START Records

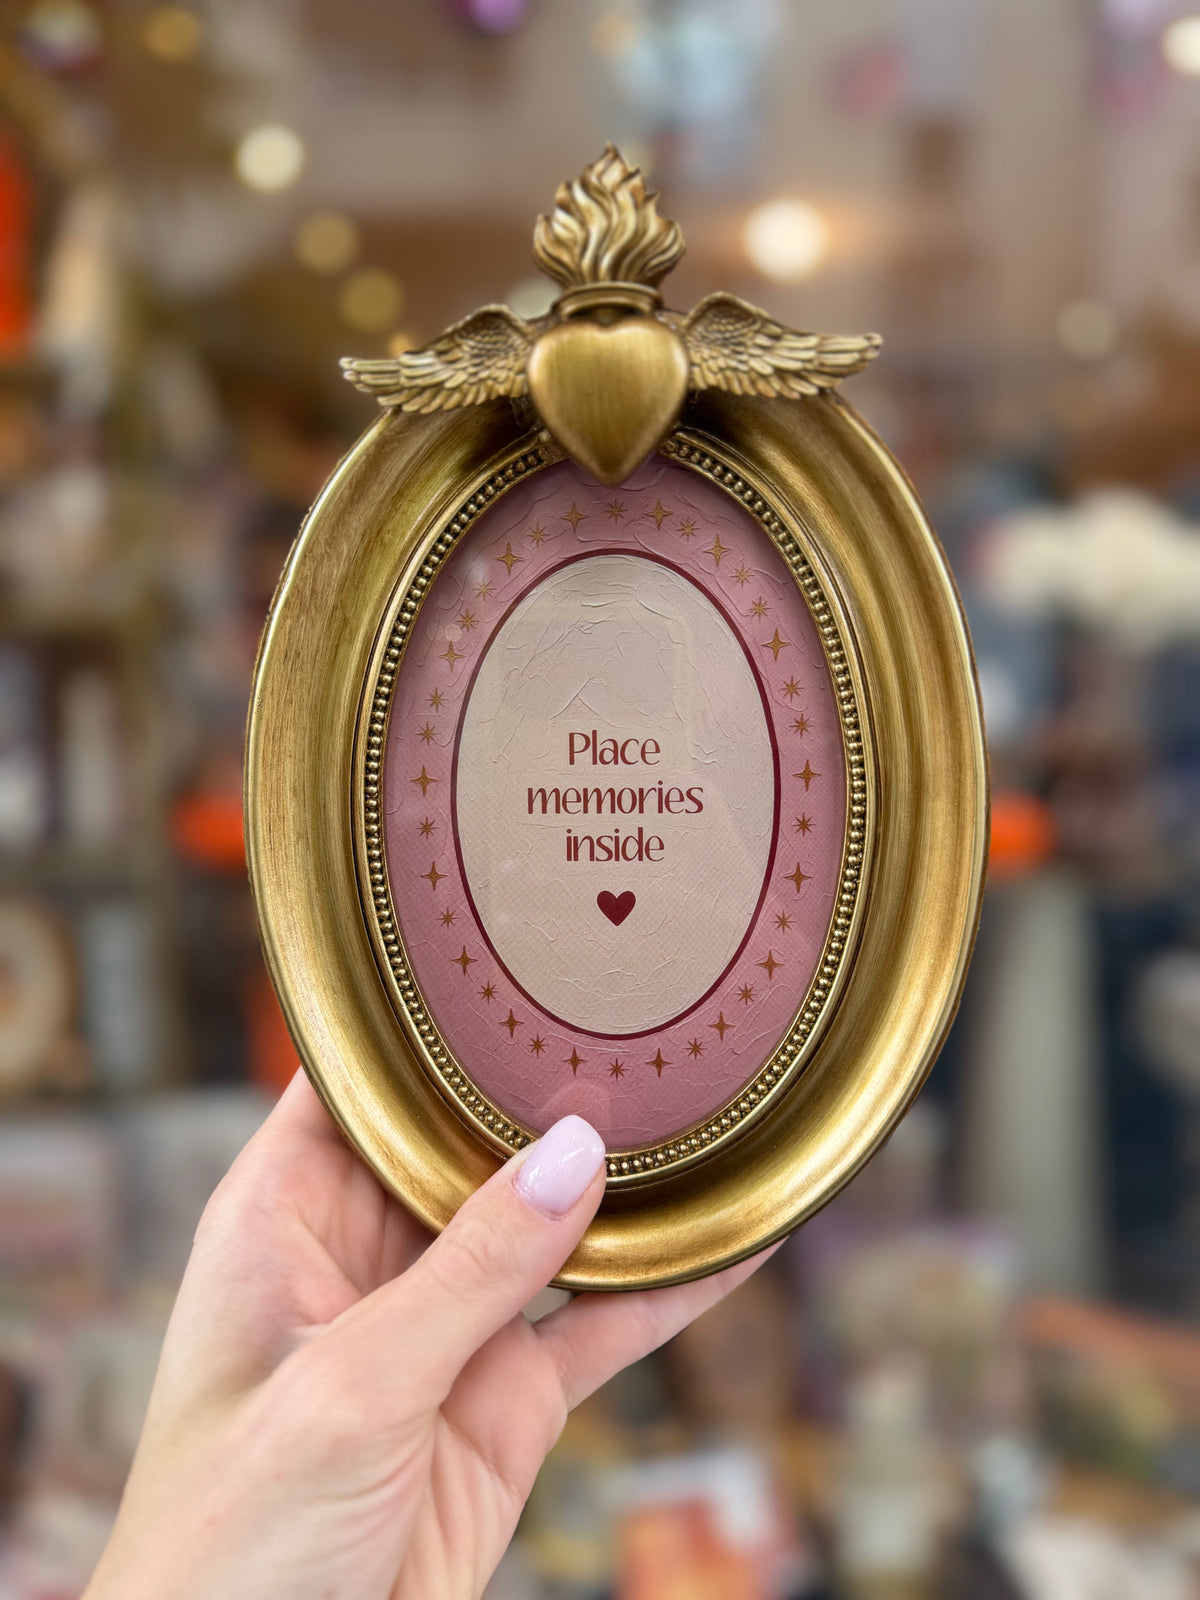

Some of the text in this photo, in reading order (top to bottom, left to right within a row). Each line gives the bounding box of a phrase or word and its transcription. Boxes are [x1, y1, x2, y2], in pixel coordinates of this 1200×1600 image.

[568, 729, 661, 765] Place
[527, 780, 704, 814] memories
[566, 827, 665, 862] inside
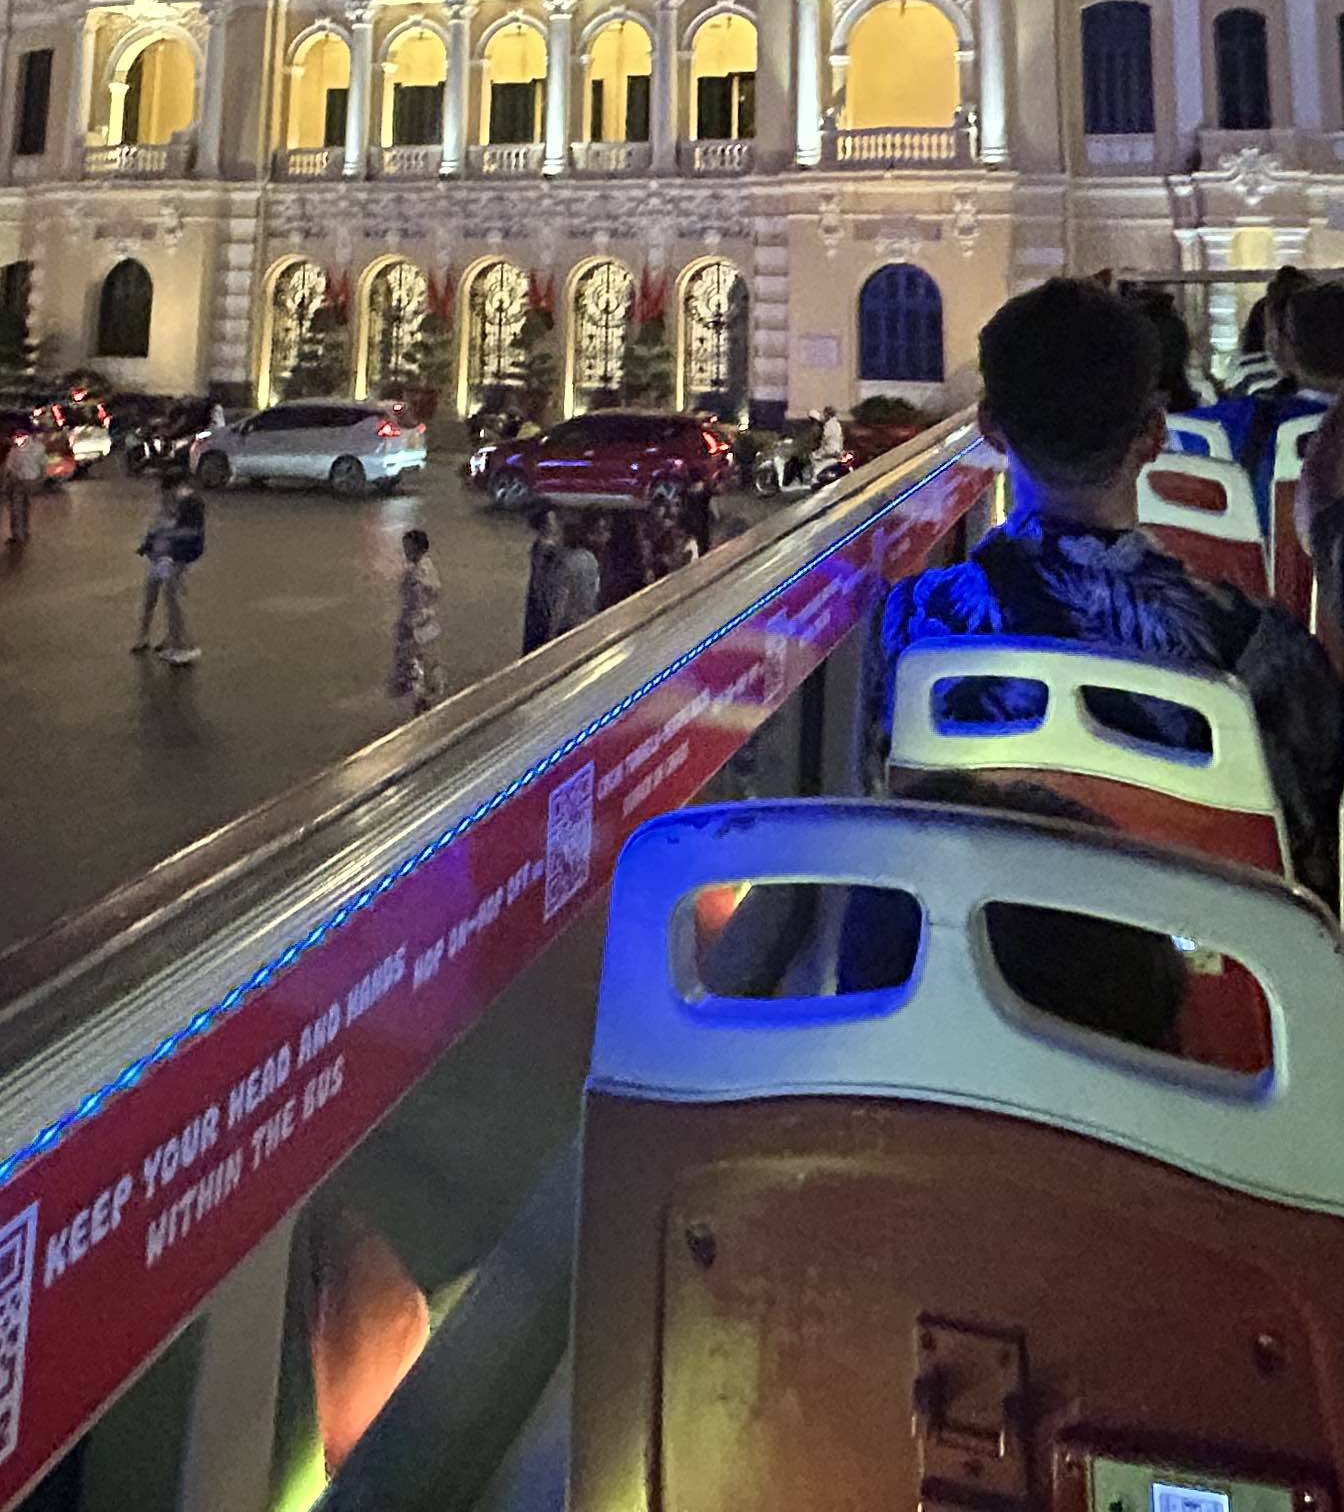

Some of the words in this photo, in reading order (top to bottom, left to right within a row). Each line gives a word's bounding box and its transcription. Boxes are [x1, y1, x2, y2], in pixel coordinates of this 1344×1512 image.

END Records

Action item: Print the material in full and exactly, minus the pictures.

Answer:
Some of the text in this photo, in reading order (top to bottom, left to right within a row). Each line gives the bounding box of a phrase or word and its transcription. Boxes are [x1, y1, x2, y2], in pixel coordinates of this 1200×1600 image.

[568, 729, 661, 765] Place
[527, 780, 704, 814] memories
[566, 827, 665, 862] inside

Some of the words in this photo, in reading order (top to bottom, left to right within a row). Each line gives a word's bounding box and its transcription. Boxes are [x1, y1, x2, y2], in pixel coordinates of this 1344×1512 image.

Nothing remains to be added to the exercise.